Kala Reformasi masih jadi embrio dan mulai "meletus" di tahun 1998, gaung kalimat potong satu generasi ini menjadi sedemikian akrabnya di telinga kami para aktivis.
Kebetulan saya lulus SMA pada tahun 1995 dan sangat merasakan betul atmosfir dari gaungan kalimat potong satu generasi itu, karena di masa itu saya masih kuliah di tahun pertama.
Di masa itu pula saya memilih Drop Out dari bangku kuliah, tepatnya di semester tiga, akibat gejolak yang ditimbulkan dari mulai pra reformasi hingga paska reformasi.
Namun, kalimat "sakti" di era itu dalam perjalanannya dari tahun ke tahun hingga melewati dua dekade seperti luntur kehilangan makna kesaktiannya.
Sedih? Tentu, karena saya dan banyak teman di era itu yang "tidak kebagian jatah kursi parlemen atau pemerintahan" makin merindukan keterwujudannya.

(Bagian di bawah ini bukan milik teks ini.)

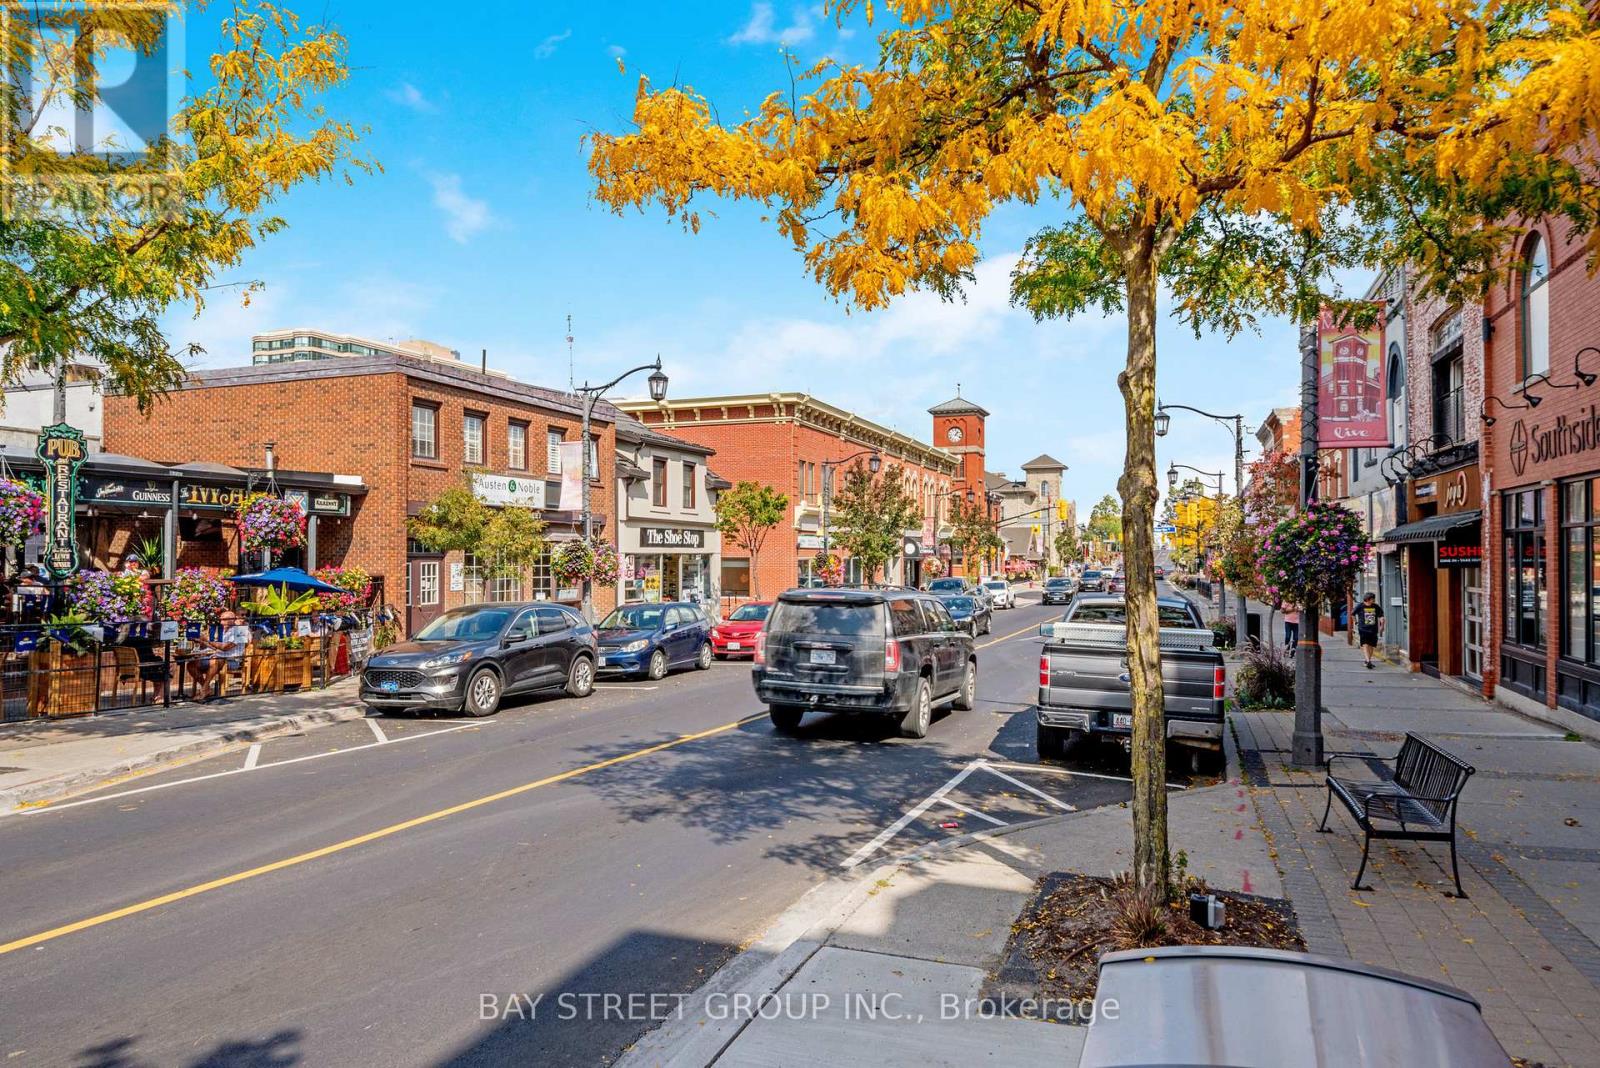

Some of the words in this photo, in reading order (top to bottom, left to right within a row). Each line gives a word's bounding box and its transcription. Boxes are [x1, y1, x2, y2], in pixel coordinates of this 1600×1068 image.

Kata "tidak kebagian..." jangan di salah artikan bahwa kami benar-benar sangat ingin, tentu tidak serta merta demikian karena masih banyak kawan-kawan seangkatan saya yang berjiwa murni dan terus berikhtiar dalam mewujudkannya.
Saya menjadi bagian dari itu dan ingin terus mewujudkannya lewat pemahaman "subliminal message" di setiap karya baik itu di film ataupun tulisan-tulisan seperti artikel ini.

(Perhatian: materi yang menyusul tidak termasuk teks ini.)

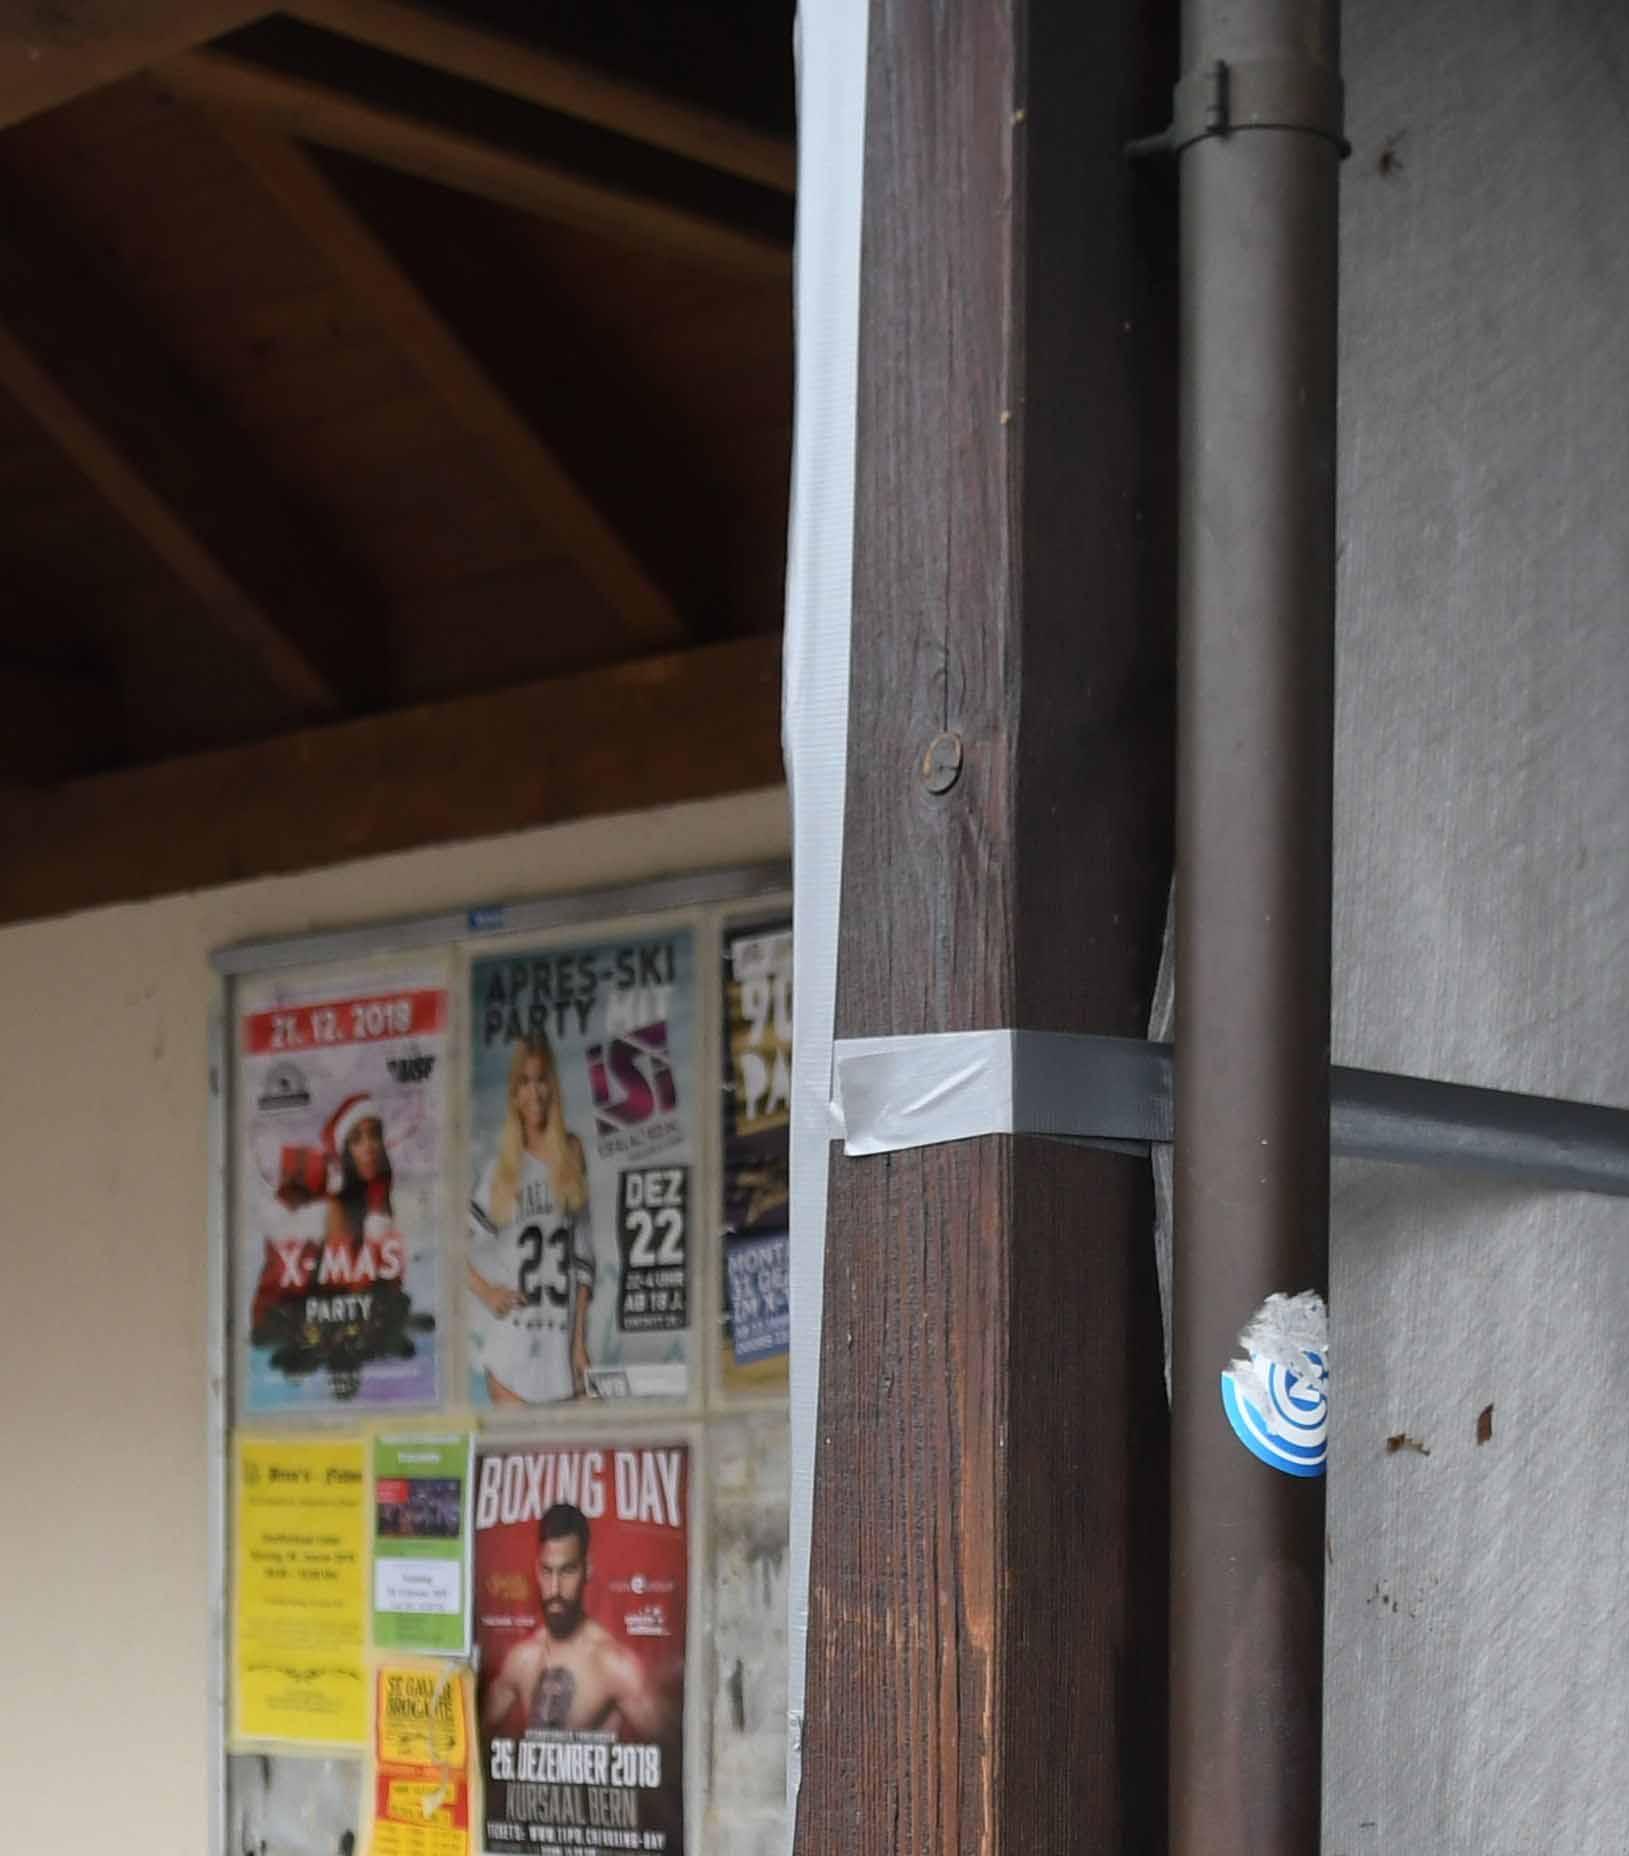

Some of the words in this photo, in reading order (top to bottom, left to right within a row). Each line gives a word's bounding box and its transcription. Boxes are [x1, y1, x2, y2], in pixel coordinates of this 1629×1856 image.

[484, 998, 596, 1047] PARTY
[624, 1169, 684, 1209] DEZ
[624, 1208, 684, 1269] 22
[279, 1239, 402, 1289] X-MAS
[517, 1225, 572, 1307] 23
[306, 1296, 374, 1323] PARTY
[477, 1449, 606, 1531] BOXING
[614, 1451, 681, 1528] DAY
[490, 1738, 515, 1781] 26.
[517, 1739, 610, 1785] DEZEMBER
[611, 1742, 663, 1788] 2018
[505, 1782, 586, 1825] KURSAAL
[587, 1785, 639, 1827] BERN

Potong satu generasi memang cara ideal untuk memperbaiki kondisi negeri yang Korupsi Kolusi Nepotisme (KKN) nya ini sudah menjadi budaya.

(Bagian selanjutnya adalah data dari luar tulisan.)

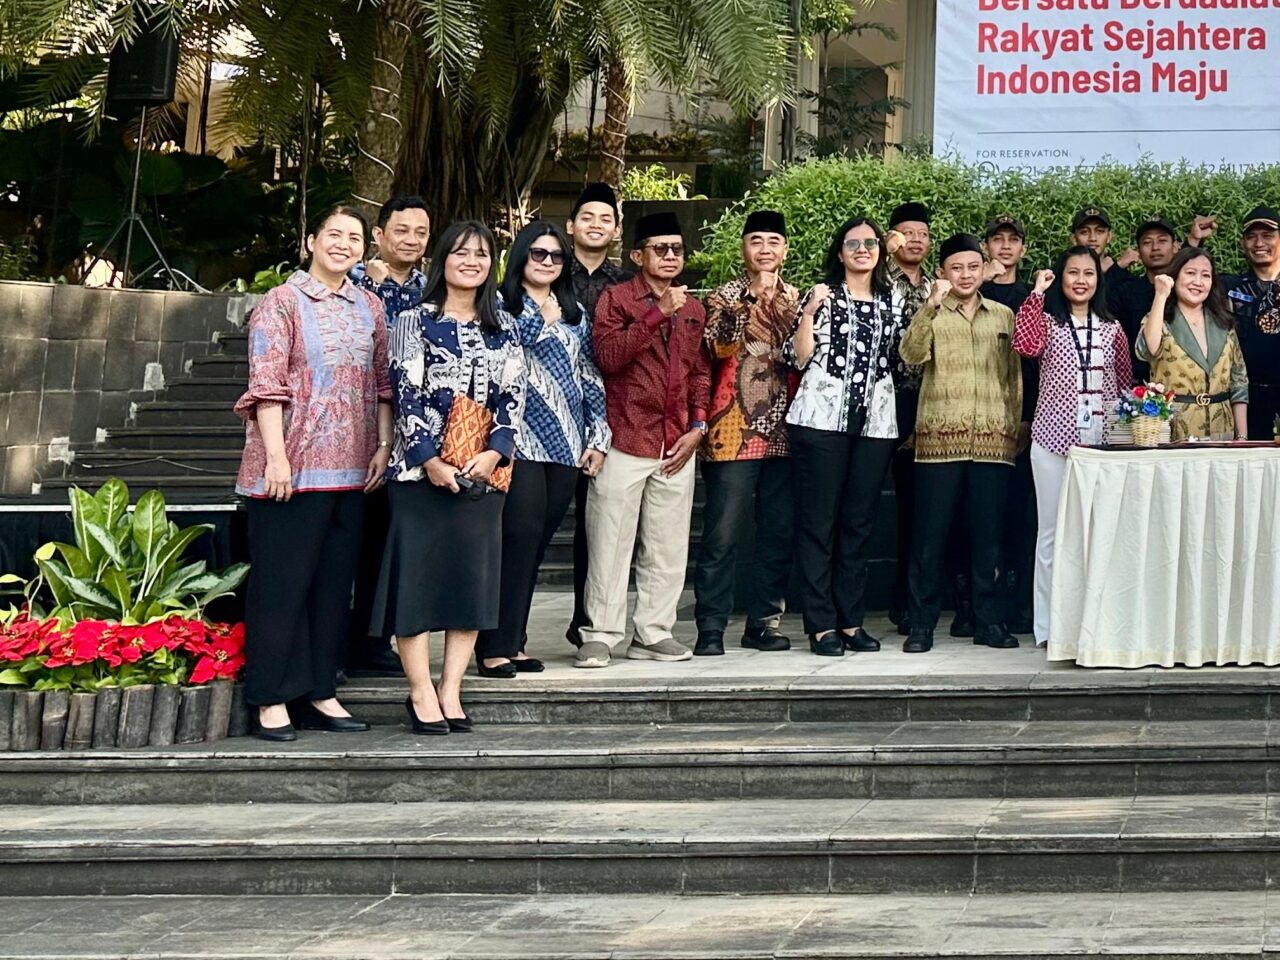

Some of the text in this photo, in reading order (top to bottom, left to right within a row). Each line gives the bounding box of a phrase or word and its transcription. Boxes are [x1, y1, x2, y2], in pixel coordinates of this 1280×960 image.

[977, 19, 1266, 61] Rakyat Sejahtera
[976, 60, 1228, 101] Indonesia Maju
[976, 150, 996, 158] FOR

Tidak enak memang dan mungkin akan ada yang protes, tapi bagi saya, biarkan saja. Karena faktanya memang demikian bukan?
Silahkan pertanyakan dengan jujur nurani Anda, kebenaran atau salahnya mengenai pendapat saya tersebut.
Setidaknya, saya sangat berani berbeda pendapat dengan Anda yang menolak bahwa KKN sudah menjadi budaya baru bangsa ini.